== WHAT YOU ARE ASKED TO DO ==
Nothing in the records may be left out or altered; reproduce them all exactly.

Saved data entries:
━━━━━━━━━━
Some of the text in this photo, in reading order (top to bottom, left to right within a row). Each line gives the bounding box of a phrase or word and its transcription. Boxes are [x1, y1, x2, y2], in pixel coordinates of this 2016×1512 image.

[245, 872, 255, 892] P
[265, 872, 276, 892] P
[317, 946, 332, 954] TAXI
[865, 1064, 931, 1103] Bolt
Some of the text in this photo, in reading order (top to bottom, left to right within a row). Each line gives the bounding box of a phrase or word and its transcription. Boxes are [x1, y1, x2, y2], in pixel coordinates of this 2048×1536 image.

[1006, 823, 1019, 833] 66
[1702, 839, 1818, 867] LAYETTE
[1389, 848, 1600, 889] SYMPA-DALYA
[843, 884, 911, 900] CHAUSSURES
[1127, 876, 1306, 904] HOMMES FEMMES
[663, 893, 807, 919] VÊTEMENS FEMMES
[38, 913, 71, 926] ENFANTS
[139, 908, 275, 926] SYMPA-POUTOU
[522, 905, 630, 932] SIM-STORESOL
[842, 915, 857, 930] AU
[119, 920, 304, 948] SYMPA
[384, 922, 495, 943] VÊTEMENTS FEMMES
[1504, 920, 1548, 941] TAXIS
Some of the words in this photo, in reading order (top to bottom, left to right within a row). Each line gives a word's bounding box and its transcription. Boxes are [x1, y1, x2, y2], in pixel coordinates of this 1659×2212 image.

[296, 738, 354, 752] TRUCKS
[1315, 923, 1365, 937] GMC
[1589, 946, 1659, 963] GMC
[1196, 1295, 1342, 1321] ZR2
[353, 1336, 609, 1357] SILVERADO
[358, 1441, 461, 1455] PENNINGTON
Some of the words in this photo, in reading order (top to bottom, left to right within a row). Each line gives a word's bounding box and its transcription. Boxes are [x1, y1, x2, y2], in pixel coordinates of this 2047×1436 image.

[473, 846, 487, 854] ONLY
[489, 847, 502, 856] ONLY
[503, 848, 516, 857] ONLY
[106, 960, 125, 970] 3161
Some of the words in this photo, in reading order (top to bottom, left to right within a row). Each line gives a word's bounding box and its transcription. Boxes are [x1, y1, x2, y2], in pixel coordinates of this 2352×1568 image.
━━━━━━━━━━
== EXERCISE SOLUTION ==
Some of the text in this photo, in reading order (top to bottom, left to right within a row). Each line gives the bounding box of a phrase or word and its transcription. Boxes are [x1, y1, x2, y2], in pixel coordinates of this 2016×1512 image.

[245, 872, 255, 892] P
[265, 872, 276, 892] P
[317, 946, 332, 954] TAXI
[865, 1064, 931, 1103] Bolt
Some of the text in this photo, in reading order (top to bottom, left to right within a row). Each line gives the bounding box of a phrase or word and its transcription. Boxes are [x1, y1, x2, y2], in pixel coordinates of this 2048×1536 image.

[1006, 823, 1019, 833] 66
[1702, 839, 1818, 867] LAYETTE
[1389, 848, 1600, 889] SYMPA-DALYA
[843, 884, 911, 900] CHAUSSURES
[1127, 876, 1306, 904] HOMMES FEMMES
[663, 893, 807, 919] VÊTEMENS FEMMES
[38, 913, 71, 926] ENFANTS
[139, 908, 275, 926] SYMPA-POUTOU
[522, 905, 630, 932] SIM-STORESOL
[842, 915, 857, 930] AU
[119, 920, 304, 948] SYMPA
[384, 922, 495, 943] VÊTEMENTS FEMMES
[1504, 920, 1548, 941] TAXIS
Some of the words in this photo, in reading order (top to bottom, left to right within a row). Each line gives a word's bounding box and its transcription. Boxes are [x1, y1, x2, y2], in pixel coordinates of this 1659×2212 image.

[296, 738, 354, 752] TRUCKS
[1315, 923, 1365, 937] GMC
[1589, 946, 1659, 963] GMC
[1196, 1295, 1342, 1321] ZR2
[353, 1336, 609, 1357] SILVERADO
[358, 1441, 461, 1455] PENNINGTON
Some of the words in this photo, in reading order (top to bottom, left to right within a row). Each line gives a word's bounding box and its transcription. Boxes are [x1, y1, x2, y2], in pixel coordinates of this 2047×1436 image.

[473, 846, 487, 854] ONLY
[489, 847, 502, 856] ONLY
[503, 848, 516, 857] ONLY
[106, 960, 125, 970] 3161
Some of the words in this photo, in reading order (top to bottom, left to right within a row). Each line gives a word's bounding box and its transcription. Boxes are [x1, y1, x2, y2], in pixel coordinates of this 2352×1568 image.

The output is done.